Las persianas
Cada noche me dices
que ponga la mayor atención
en dejar bien cerradas las persianas:
el casero perfume de la cena
aún no se desvaneció,
nuestros ojos todavía
no se abrieron dentro del sueño,
pero antes es preciso
repetir esa cotidiana precaución,
no por el alternado ataque
de los vientos y las lluvias
ni por el sol siguiente.
Las persianas deben estar bien cerradas
para que nada entre nosotros
ingrese como un insecto
llevando entre sus patas
un veneno exterior,
algo que corte u obstruya los puentes
que tan cuidadosamente hemos tendido
durante todos estos años entre tú y yo.
Eso es, sí, exactamente eso:
para que no entre ningún insecto.
Un pez en el acuario
Su crimen fue la curiosidad o el hambre;
tal vez sus padres ya eran esclavos
de esos enormes rostros que, de tanto en tanto,
se asoman entre la niebla del límite
a ver al detenido o golpean el vidrio sin respuesta.

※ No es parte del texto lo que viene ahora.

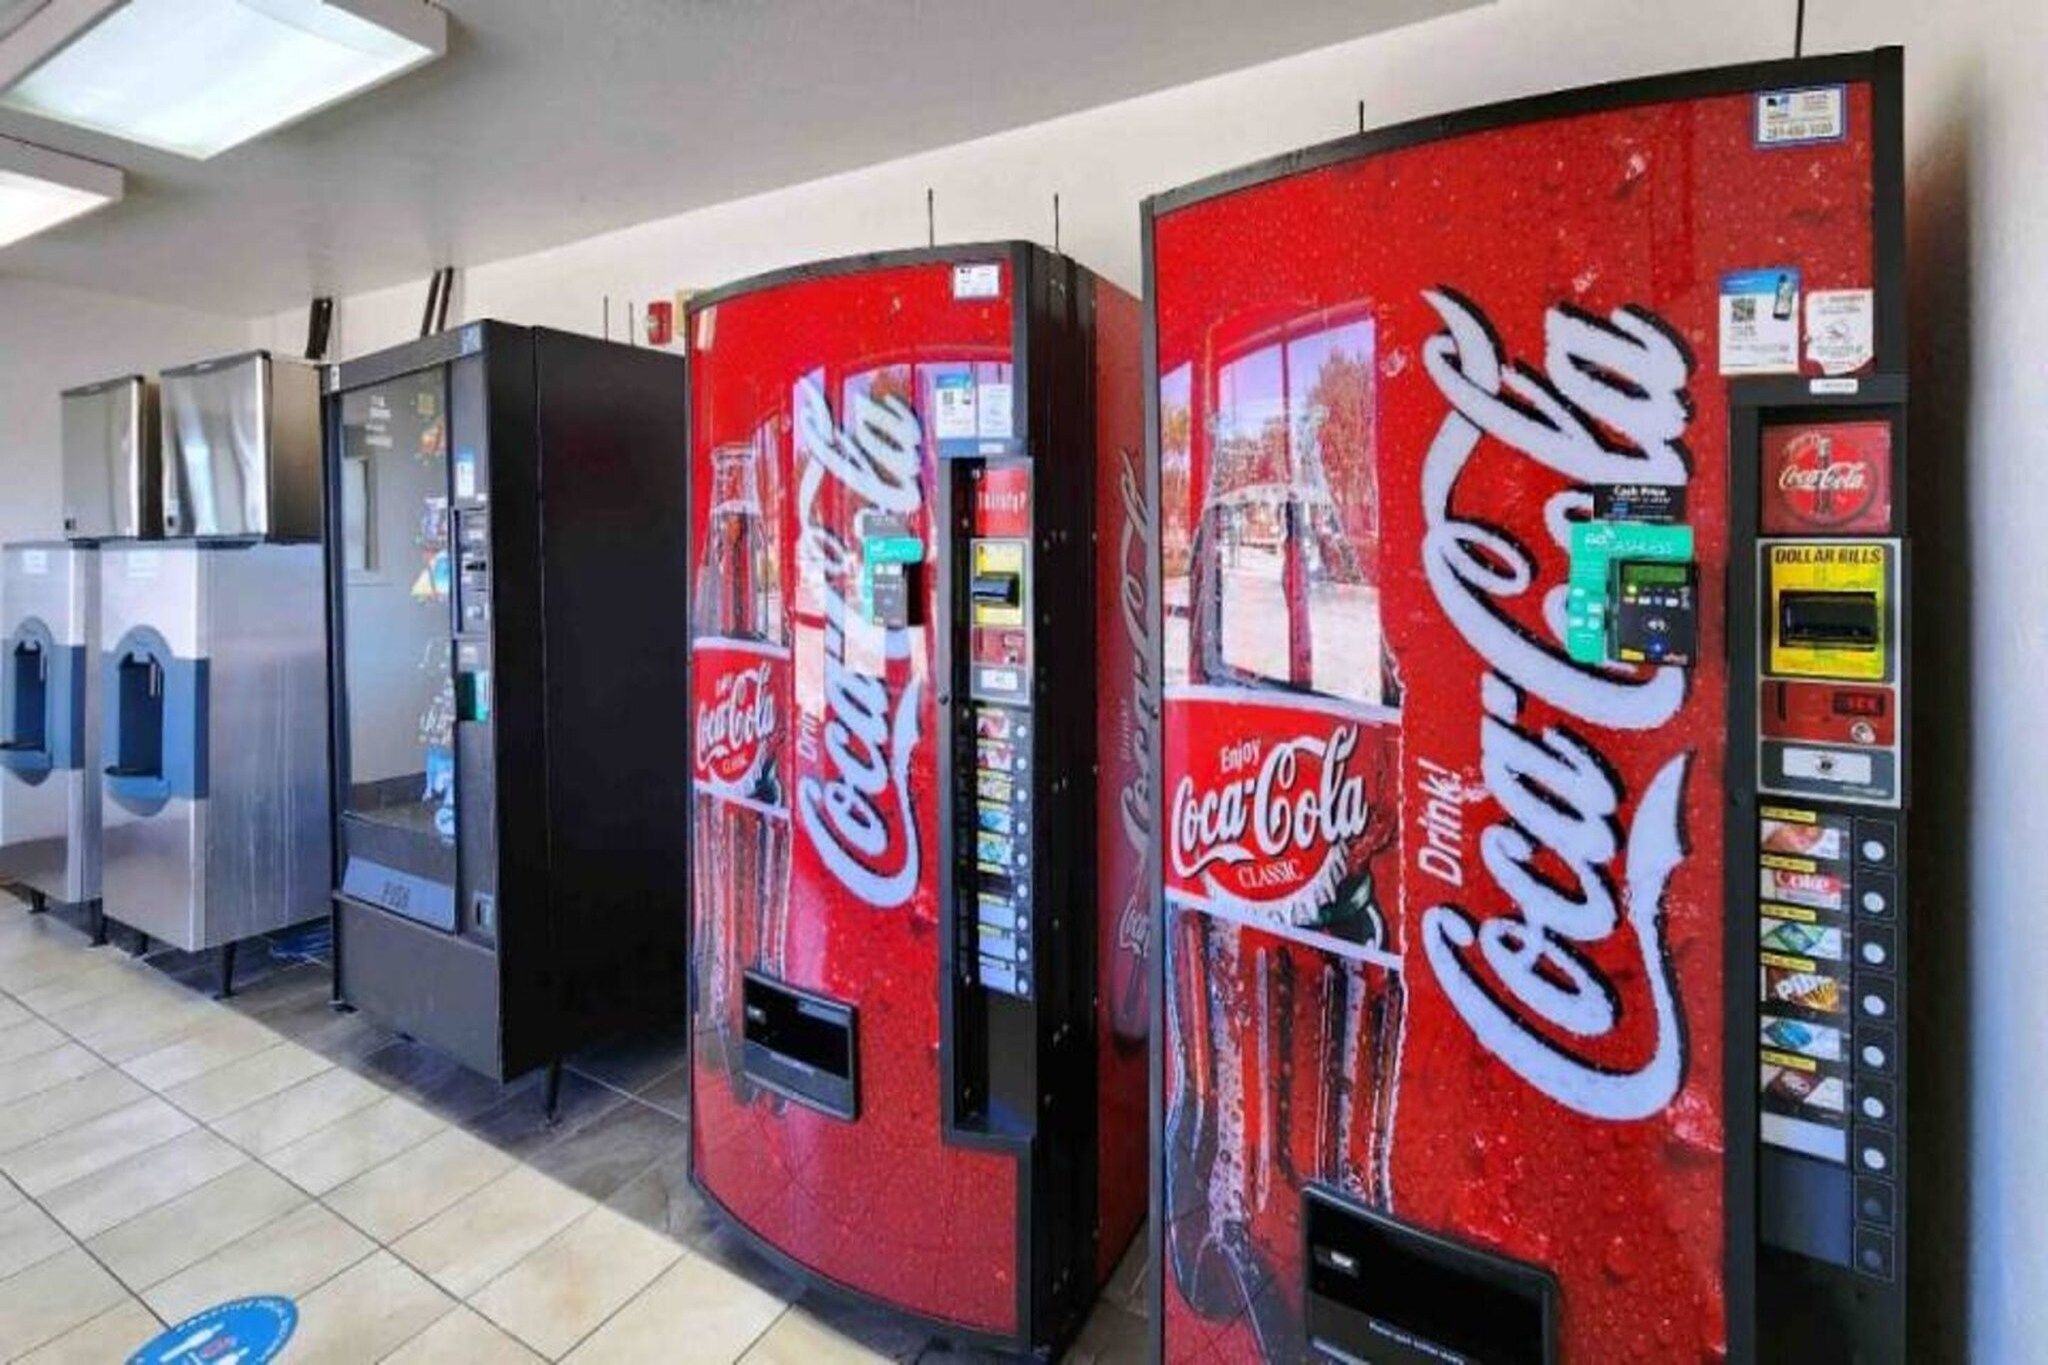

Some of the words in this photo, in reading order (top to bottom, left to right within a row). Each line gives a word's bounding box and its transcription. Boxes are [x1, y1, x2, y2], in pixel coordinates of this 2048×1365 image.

[1780, 462, 1865, 491] Coca-Cola
[1775, 548, 1835, 564] DOLLAR
[1837, 549, 1881, 564] BILLS
[697, 661, 775, 771] Coca-Cola
[1220, 738, 1262, 774] Enjoy
[1171, 722, 1368, 878] Coca-Cola
[1417, 756, 1462, 887] Drink!
[1238, 859, 1304, 888] CLASSIC
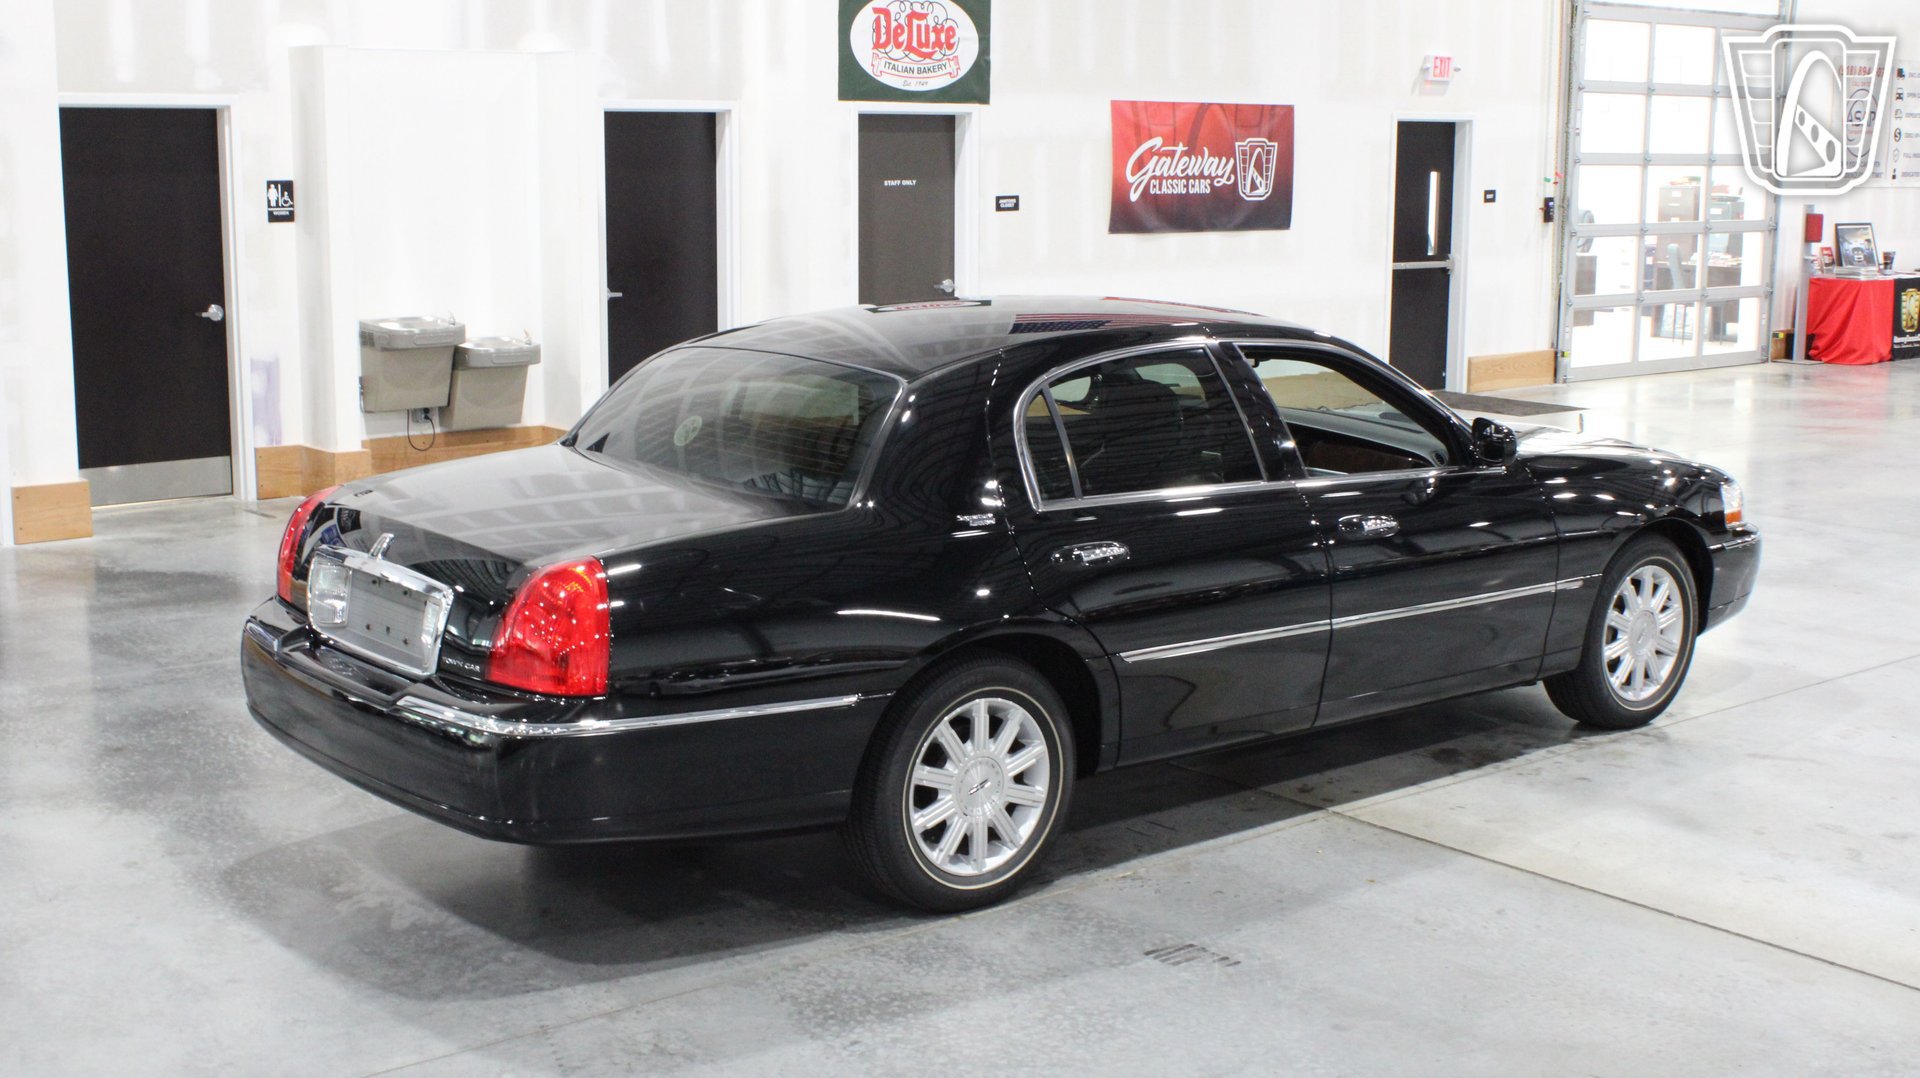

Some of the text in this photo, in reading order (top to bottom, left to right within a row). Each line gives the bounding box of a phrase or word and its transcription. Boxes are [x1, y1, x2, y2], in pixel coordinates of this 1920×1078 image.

[872, 7, 956, 59] DeLuxe
[883, 62, 948, 75] ITALIAN BAKERY
[1433, 56, 1452, 79] EXIT
[1126, 136, 1236, 202] Gateway
[883, 179, 901, 187] STAFF
[1149, 178, 1211, 195] CLASSIC CARS
[442, 656, 481, 673] TOWN CAR

¿A dónde se fue el océano, el océano
sin paredes traslúcidas y sin luces lejanas?
El misterio es un inmenso afuera
que lo rodea todo y que le está prohibido.
Lo sustituyó este mar minúsculo,
donde cada tarde un dios avaro
deja caer comida de los cielos:
hojuelas que el cautivo atrapa, escupe y luego traga,
antes de que se pudran entre las algas de plástico.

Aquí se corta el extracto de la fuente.